◆ What this task involves
A faithful repeat of all the records, with no image kept, is the required answer.
• • • • • • •
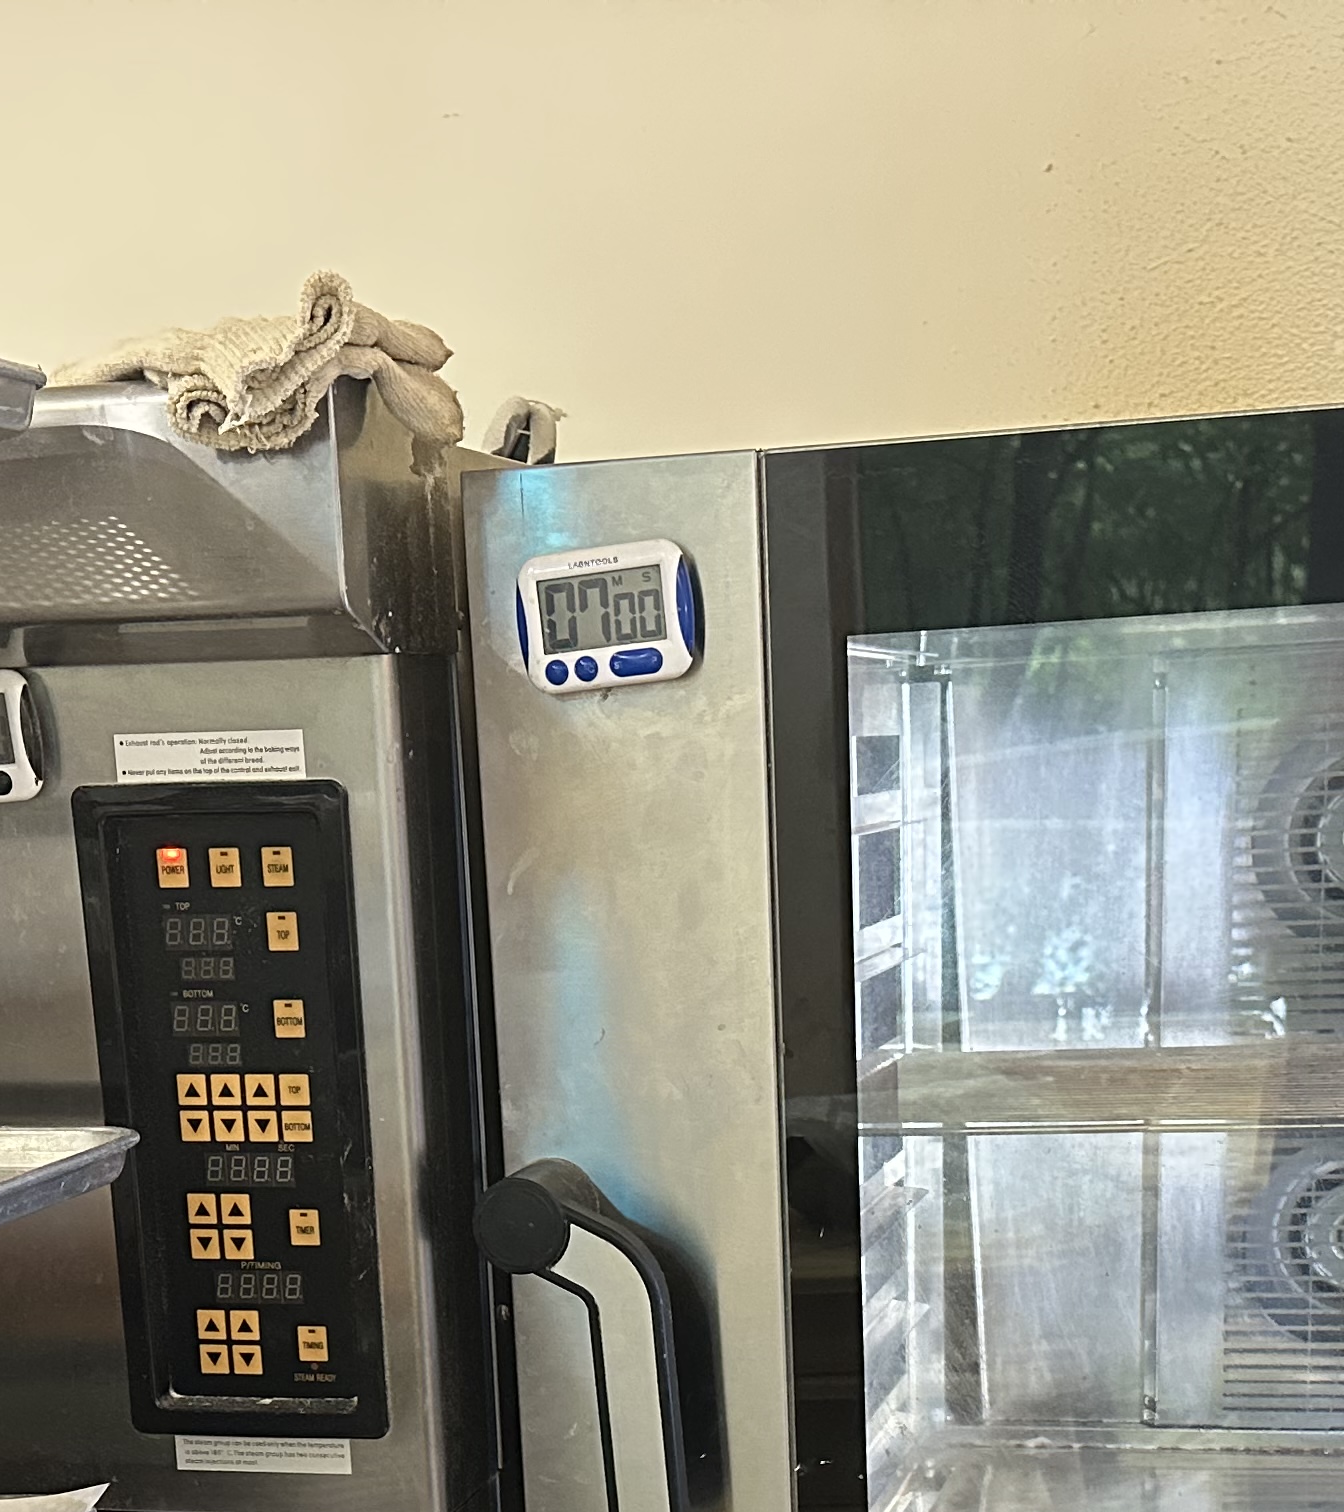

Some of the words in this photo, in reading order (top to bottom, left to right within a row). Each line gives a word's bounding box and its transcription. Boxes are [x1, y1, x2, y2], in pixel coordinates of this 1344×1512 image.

[641, 571, 652, 582] S
[161, 865, 185, 874] POWER
[216, 864, 235, 874] LIGHT
[267, 864, 289, 874] STEAM
[175, 902, 191, 910] TOP
[276, 930, 290, 940] TOP
[182, 989, 214, 999] BOTTOM
[276, 1016, 303, 1026] BOTTOM
[287, 1085, 301, 1095] TOP
[284, 1123, 311, 1132] BOTTOM
[225, 1143, 240, 1151] MIN
[277, 1143, 295, 1152] SEC
[296, 1225, 315, 1235] TIMER
[240, 1261, 282, 1270] P/TIMING
[302, 1341, 324, 1350] TIMING
[293, 1372, 315, 1382] STEAM
[316, 1373, 337, 1382] READY
• • • • • • •
◆ Task answer
Some of the words in this photo, in reading order (top to bottom, left to right within a row). Each line gives a word's bounding box and its transcription. Boxes are [x1, y1, x2, y2], in pixel coordinates of this 1344×1512 image.

[641, 571, 652, 582] S
[161, 865, 185, 874] POWER
[216, 864, 235, 874] LIGHT
[267, 864, 289, 874] STEAM
[175, 902, 191, 910] TOP
[276, 930, 290, 940] TOP
[182, 989, 214, 999] BOTTOM
[276, 1016, 303, 1026] BOTTOM
[287, 1085, 301, 1095] TOP
[284, 1123, 311, 1132] BOTTOM
[225, 1143, 240, 1151] MIN
[277, 1143, 295, 1152] SEC
[296, 1225, 315, 1235] TIMER
[240, 1261, 282, 1270] P/TIMING
[302, 1341, 324, 1350] TIMING
[293, 1372, 315, 1382] STEAM
[316, 1373, 337, 1382] READY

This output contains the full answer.